歯科用拡大鏡(ルーペ)を使う4つの歯科治療│歯科用拡大鏡の必要性について解説

歯科医院で使用している治療器具は、日々進化しており、歯科に通院したら新しい器具を見かけることもありますよね。もちろん、古くから有効な器具として使われているものもありますが、多くの歯科医院では時代やその時の治療に合わせて器具も新調しています。

代表的な器具に「拡大鏡(ルーペ)」があります。歯科医院を検索しているとホームページで見かけることもありますが、拡大鏡とはどのような役割をもった器具なのでしょうか。

更新日:2024/06/27

歯科 拡大鏡

■目次

  1. 歯科用拡大鏡(ルーペ)とは
  2. 歯科用拡大鏡の種類
  3. 歯科治療で拡大鏡(ルーペ)を使う4つのメリット
  4. 歯科用拡大鏡を使う治療とは?よくある治療と使用するメリットを解説
  5. まとめ

歯科用拡大鏡(ルーペ)とは

歯科 拡大鏡

ルーペは患部を大きく拡大して見ることができる器具で、いわゆる虫眼鏡のようなものです。テレビドラマでも、外科手術のシーンなどで使用されていることもありますね。

歯科の治療は視野が狭く、奥歯など肉眼でははっきり確認するのが難しい箇所も多いです。
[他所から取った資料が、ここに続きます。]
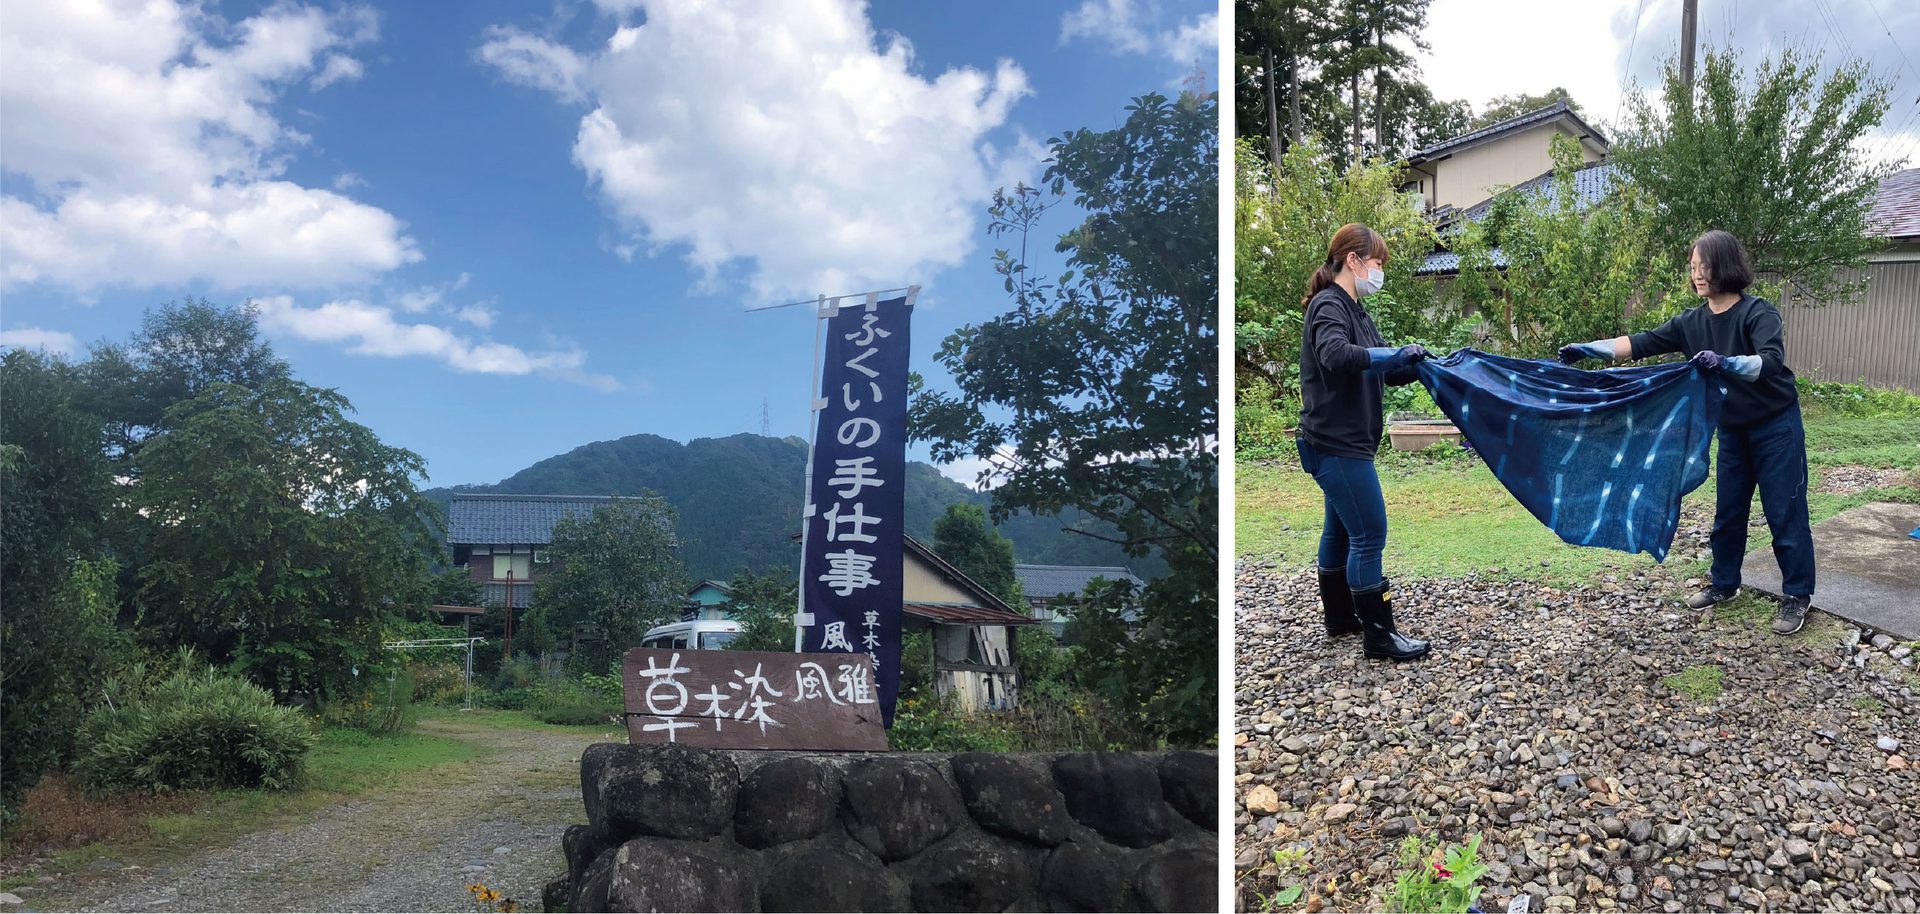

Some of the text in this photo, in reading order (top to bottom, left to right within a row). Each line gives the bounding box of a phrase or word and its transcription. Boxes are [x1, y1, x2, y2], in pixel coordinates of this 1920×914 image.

拡大鏡で視野を大きく得ることで、虫歯や歯周病などの治療が精密にできます。

歯科用拡大鏡の種類

視野を拡大する器具の特徴をチェックしていきましょう。

拡大鏡(ルーペ)

ルーペとは一枚のレンズで構成された器具です。歯科以外では読書や鑑定、時計の修理などにも使われています。

歯科治療では、ゴーグルのように装着し取り扱いやすくなっており、歯科衛生士も使用します。虫歯や歯周病の箇所も見やすく、初期虫歯が発見しやすくなったり、歯科衛生士であれば小さな歯石や汚れを見つけやすくなります。

使いやすさが特徴のルーペですが、拡大率はマイクロスコープに比べると小さいです。

テレスコープ

テレスコープとは複数枚のレンズで構成された器具です。ルーペに比べて作業範囲が広く、施術しやすい特徴があります。

鮮明に見える範囲も広く、治療精度も上がります。補綴物のセットや虫歯・歯周病治療、神経を抜くための根管治療などで活用されることが多いでしょう。

マイクロスコープ

マイクロスコープはピンポイントに焦点を当てることができ、30倍など高い倍率でみることが可能です。肉眼では見にくかったような歯の破折なども、高倍率ではっきり見えます。根管治療や進行した歯周病のように、勘や経験だけでは難しい治療を精密に行うことができます。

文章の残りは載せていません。